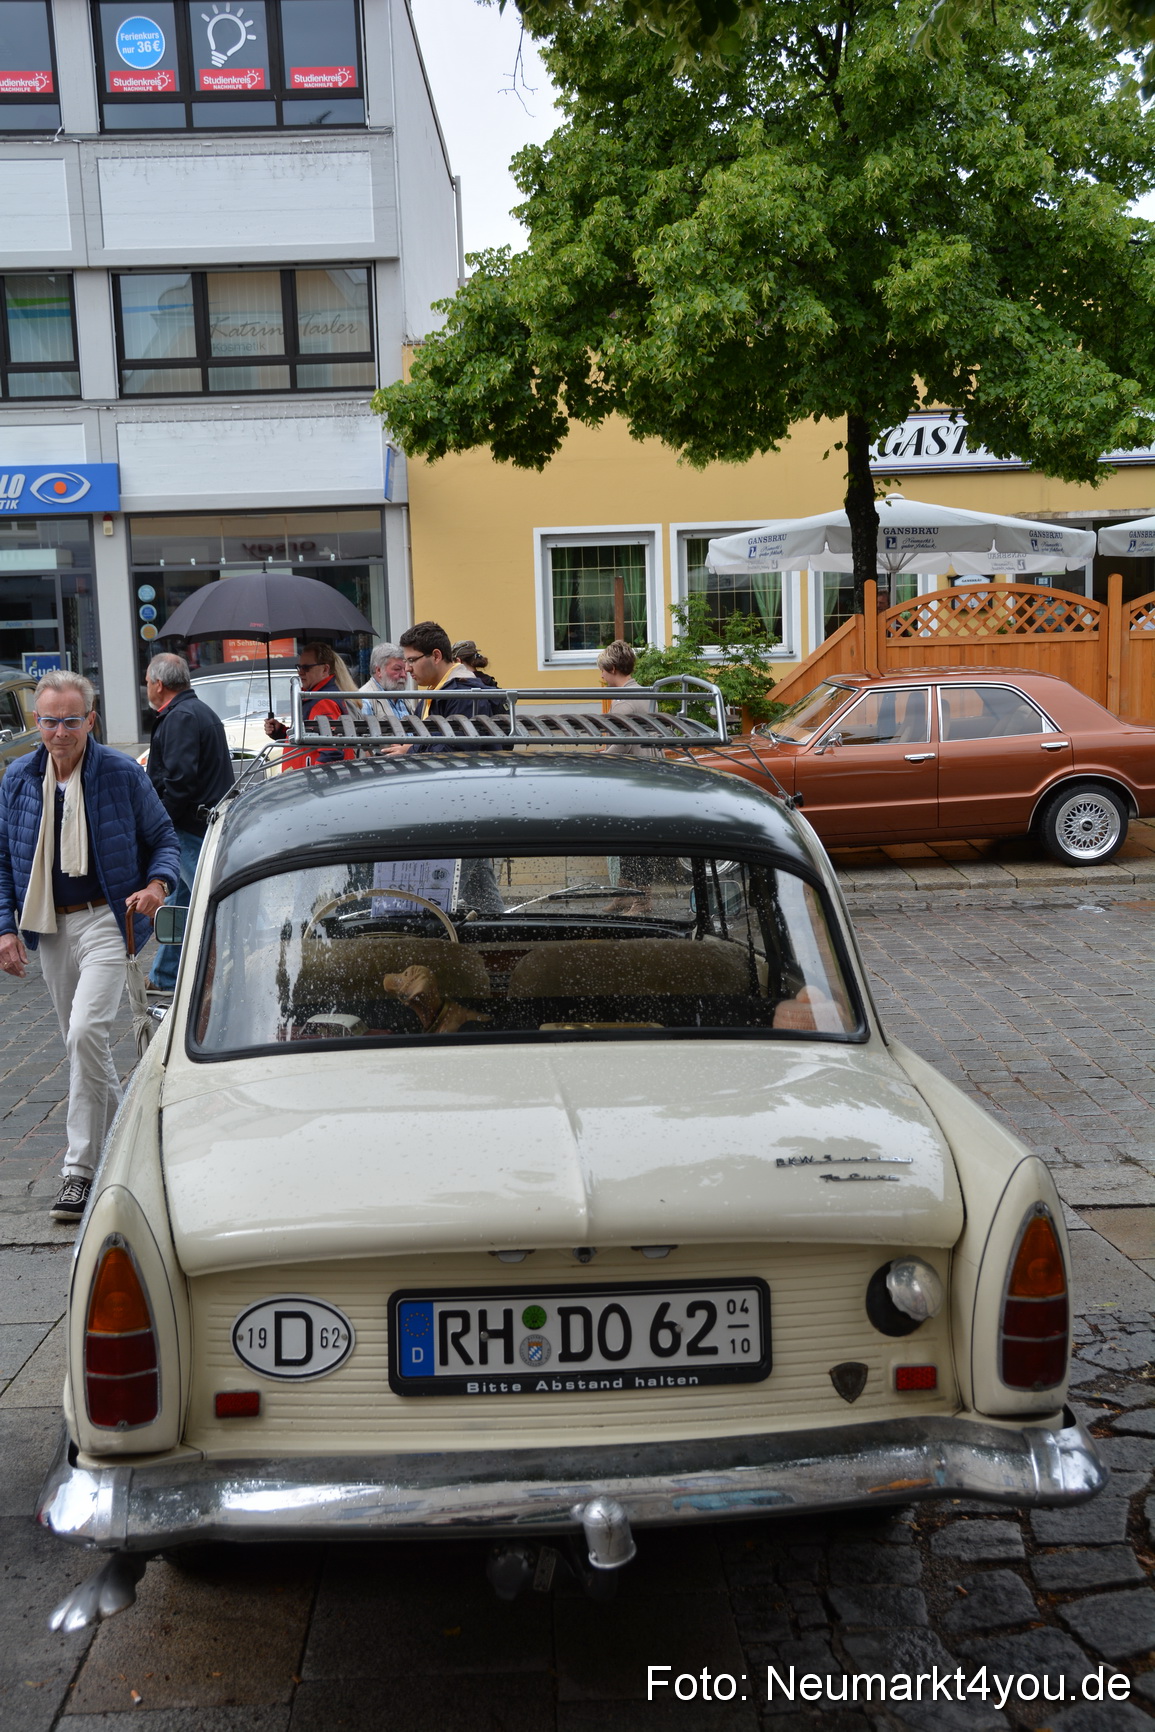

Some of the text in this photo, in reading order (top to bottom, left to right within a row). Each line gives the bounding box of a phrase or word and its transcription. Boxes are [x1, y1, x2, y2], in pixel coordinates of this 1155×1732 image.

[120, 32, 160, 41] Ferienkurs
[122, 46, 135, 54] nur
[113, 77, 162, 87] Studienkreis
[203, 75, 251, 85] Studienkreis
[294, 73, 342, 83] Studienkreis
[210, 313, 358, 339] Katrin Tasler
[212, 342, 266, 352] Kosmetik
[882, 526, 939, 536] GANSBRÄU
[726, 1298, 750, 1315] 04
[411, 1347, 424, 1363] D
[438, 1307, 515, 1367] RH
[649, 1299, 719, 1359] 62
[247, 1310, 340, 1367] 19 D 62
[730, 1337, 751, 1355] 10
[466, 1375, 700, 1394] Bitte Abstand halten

◇ ◇ ◇ ◇ ◇

* _Task description_
Retype each entry exactly as it appears, excluding any image.

* _Solution to this exercise_
Some of the text in this photo, in reading order (top to bottom, left to right within a row). Each line gives the bounding box of a phrase or word and its transcription. Boxes are [x1, y1, x2, y2], in pixel coordinates of this 1155×1732 image.

[120, 32, 160, 41] Ferienkurs
[122, 46, 135, 54] nur
[113, 77, 162, 87] Studienkreis
[203, 75, 251, 85] Studienkreis
[294, 73, 342, 83] Studienkreis
[210, 313, 358, 339] Katrin Tasler
[212, 342, 266, 352] Kosmetik
[882, 526, 939, 536] GANSBRÄU
[726, 1298, 750, 1315] 04
[411, 1347, 424, 1363] D
[438, 1307, 515, 1367] RH
[649, 1299, 719, 1359] 62
[247, 1310, 340, 1367] 19 D 62
[730, 1337, 751, 1355] 10
[466, 1375, 700, 1394] Bitte Abstand halten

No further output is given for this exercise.